Finding no abuse of discretion in either instance, we affirm.

I. jBackground Facts and Proceedings.

On the evening of November 2, 1994, Des Moines police were conducting an undercover narcotics investigation. One of the undercover officers agreed to purchase a small rock of crack cocaine from Ken Scoggins. Scoggins was unaware he was dealing with a police officer.

Other officers followed Scoggins to a nearby residence at 1114 Tenth Street where Scoggins purchased the cocaine to sell to the officer. Shortly after Scoggins delivered the cocaine to the undercover officer, the officers who had followed Scoggins arrested him on drug charges and jailed him.

The police immediately secured a search warrant for the Tenth Street premises and forced their way in. Once inside, the police found Obeli Vanover, Tina Waters, Darrell Howard, and several others.

During the search, the police seized two grams of crack cocaine and $250 in cash from Waters’ purse. They also seized a police scanner from the living room, a marijuana pipe from a coat pocket, and $220 in cash from Vanover’s person. The police arrested and jailed Vanover and Waters on drug charges.

The following day Waters was released under the local pretrial release program. Vanover and Scoggins remained in jail.

The district court appointed the local public defender to represent Vanover. Later the *623 public defender withdrew. On November 10 the court appointed attorney Dean Stowers to represent Vanover. Apparently, Stowers had represented Vanover before on criminal matters.

On December 5 the court temporarily rescinded Stowers’ appointment because of some misunderstanding about his eligibility for court appointments. The court reinstated Stowers as Vanover’s attorney on December 29. Stowers, however, continued to provide legal consultation to Vanover between December 5 and December 29.

On November 10 Stowers visited Scoggins at the county jail. Stowers made the visit without first contacting Scoggins’ attorney. Stowers convinced Scoggins to give Stowers a written statement about the events of November 2. In his statement Scoggins admitted purchasing the crack cocaine at the Tenth Street premises from a young black male.

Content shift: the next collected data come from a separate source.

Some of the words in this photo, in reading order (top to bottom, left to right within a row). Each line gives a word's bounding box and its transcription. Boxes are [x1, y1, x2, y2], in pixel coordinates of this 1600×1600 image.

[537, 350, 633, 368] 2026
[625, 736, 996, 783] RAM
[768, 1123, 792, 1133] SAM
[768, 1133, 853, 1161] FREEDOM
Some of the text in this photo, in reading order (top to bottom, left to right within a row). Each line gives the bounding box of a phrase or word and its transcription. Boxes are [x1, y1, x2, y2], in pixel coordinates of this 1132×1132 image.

Scoggins, however, denied purchasing the cocaine from Vanover and denied Van-over was present when the purchase was made.

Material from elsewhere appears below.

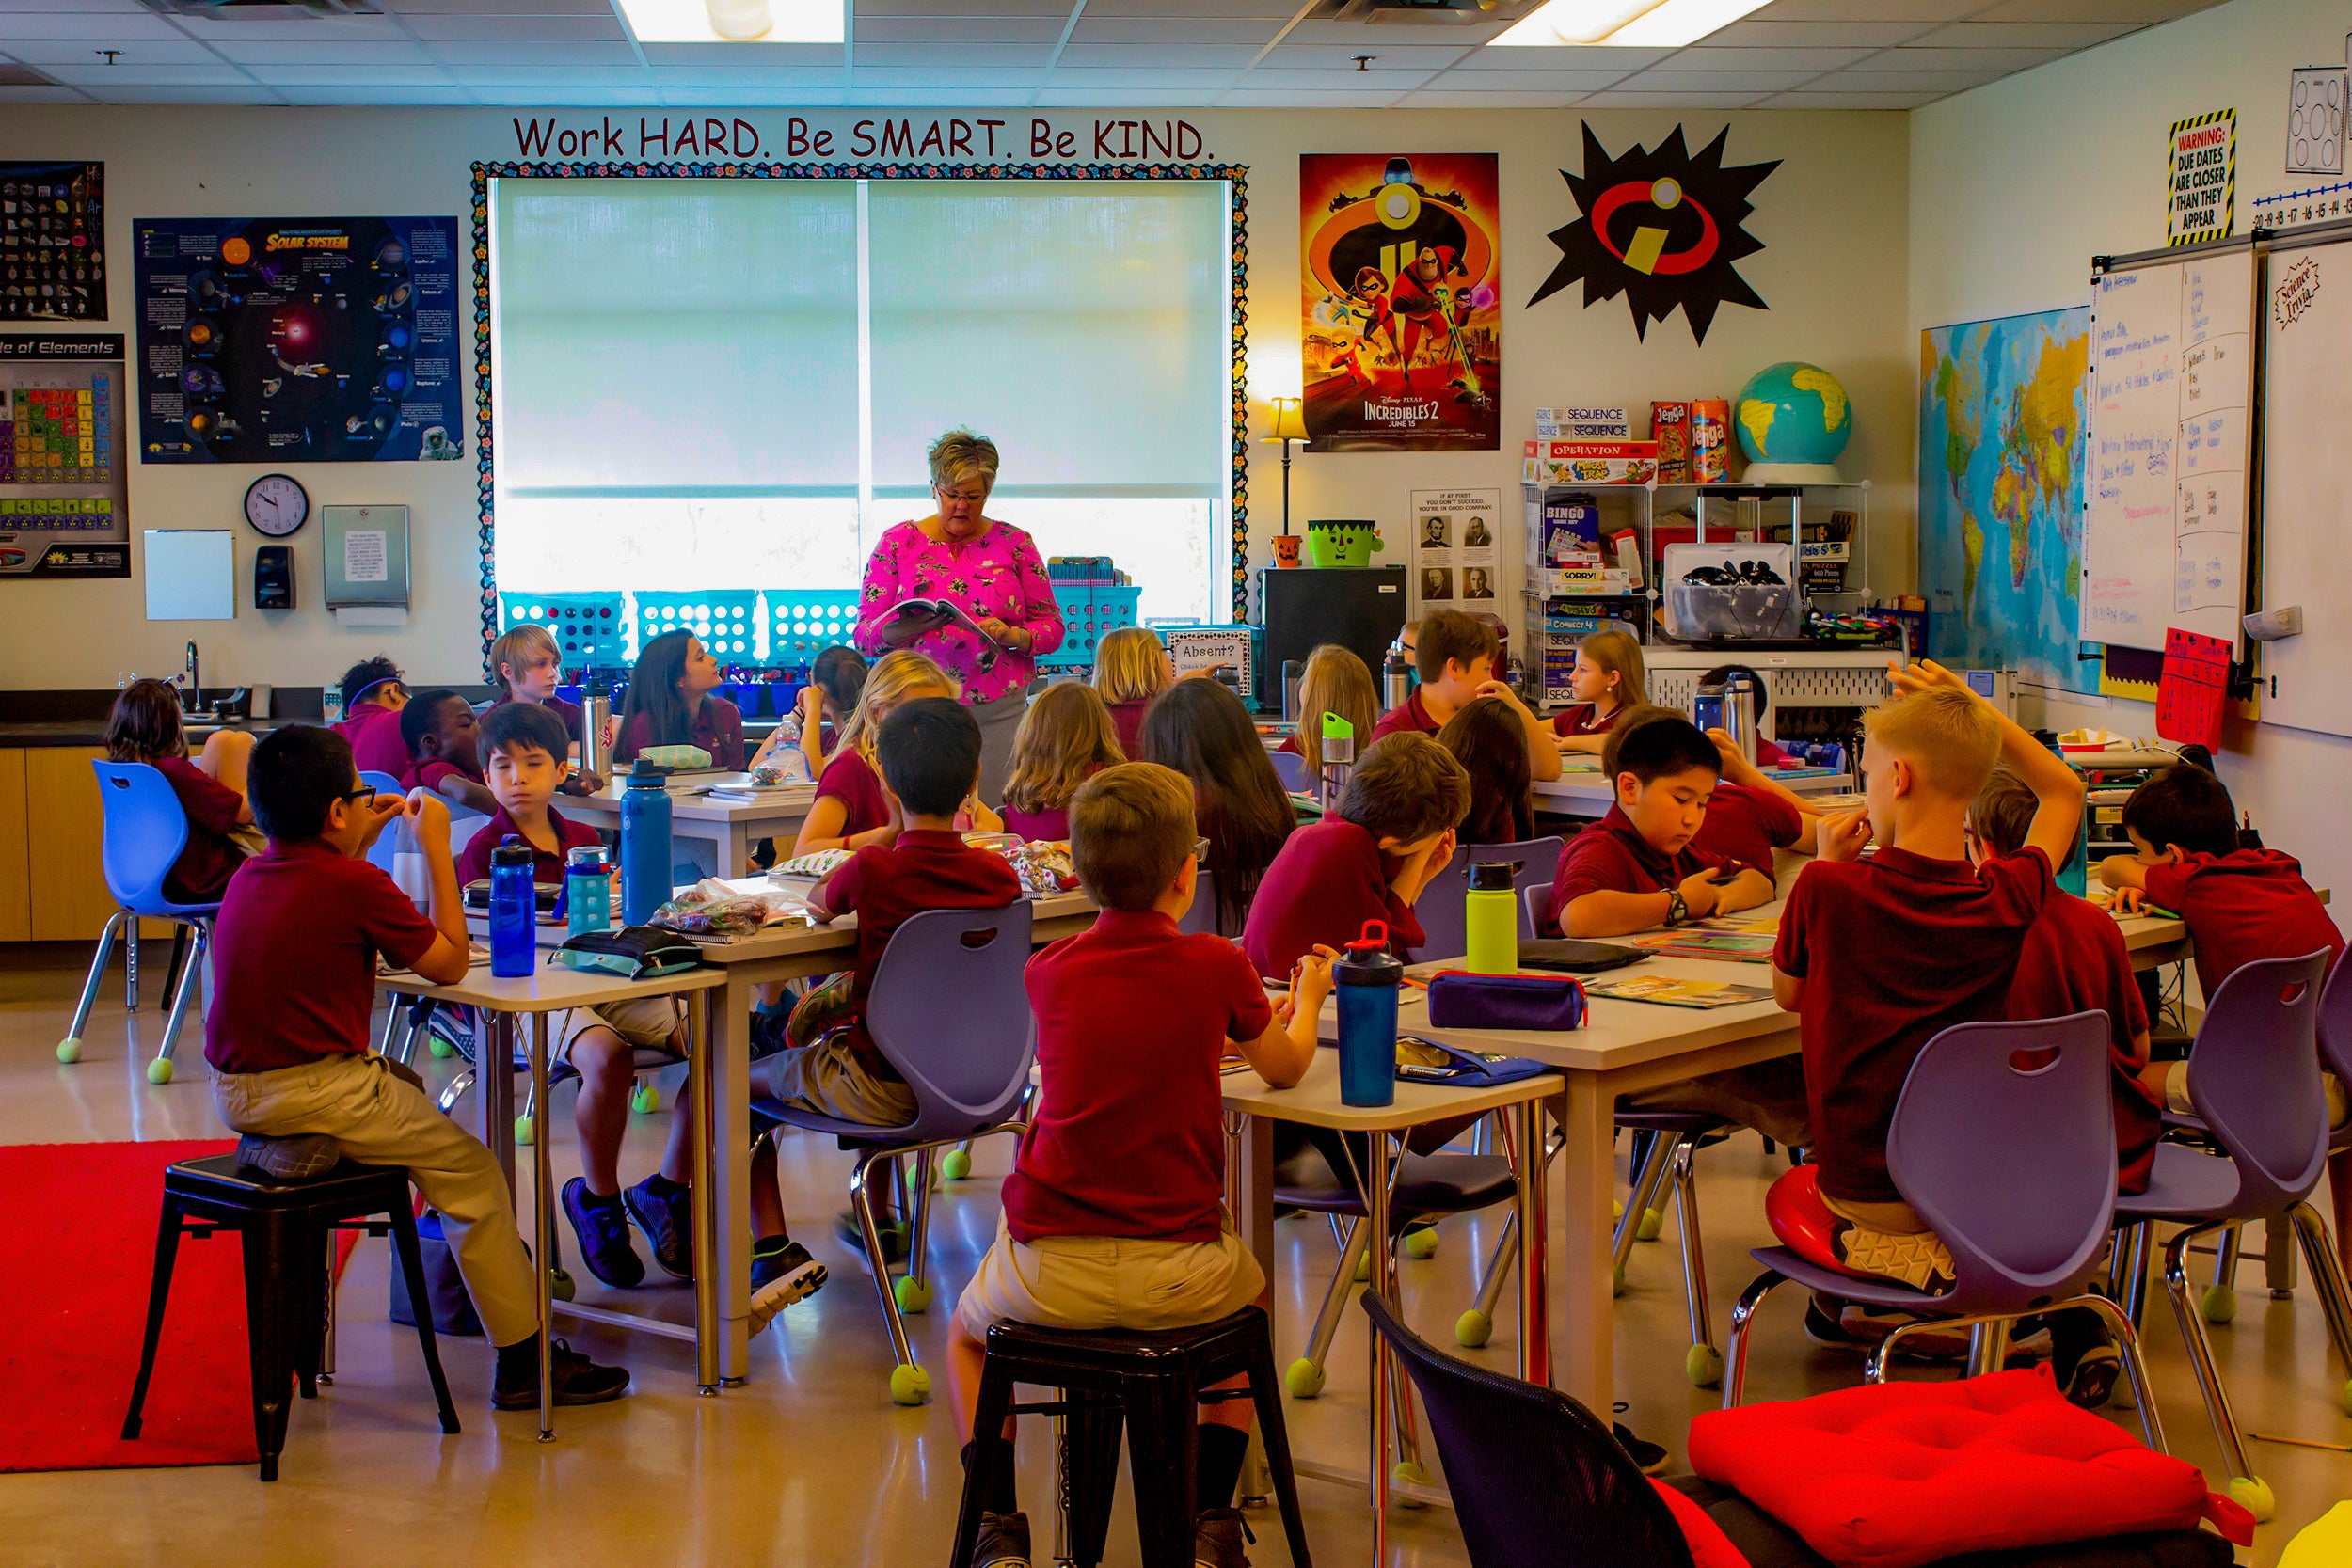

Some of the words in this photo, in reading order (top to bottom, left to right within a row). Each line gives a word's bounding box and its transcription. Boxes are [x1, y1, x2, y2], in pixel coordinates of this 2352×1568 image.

Four days later, at his office, Stowers met with Waters and interviewed her on tape. In her interview, which was transcribed, Waters stated that (1) the Tenth Street residence was her home, (2) Vanover had been staying with her for only a month before November 2, (3) Howard sold the crack cocaine to Scog-gins for her on the evening of November 2, (4) she had been selling drugs at other times from her residence, (5) Vanover knew nothing about her drug activities, and (6) Vanover was not present when Scoggins purchased the cocaine at her home on November 2.

At the time of this interview, Waters had counsel. Stowers, however, did not inquire whether Waters had counsel. Only Stowers and Waters were present during the interview.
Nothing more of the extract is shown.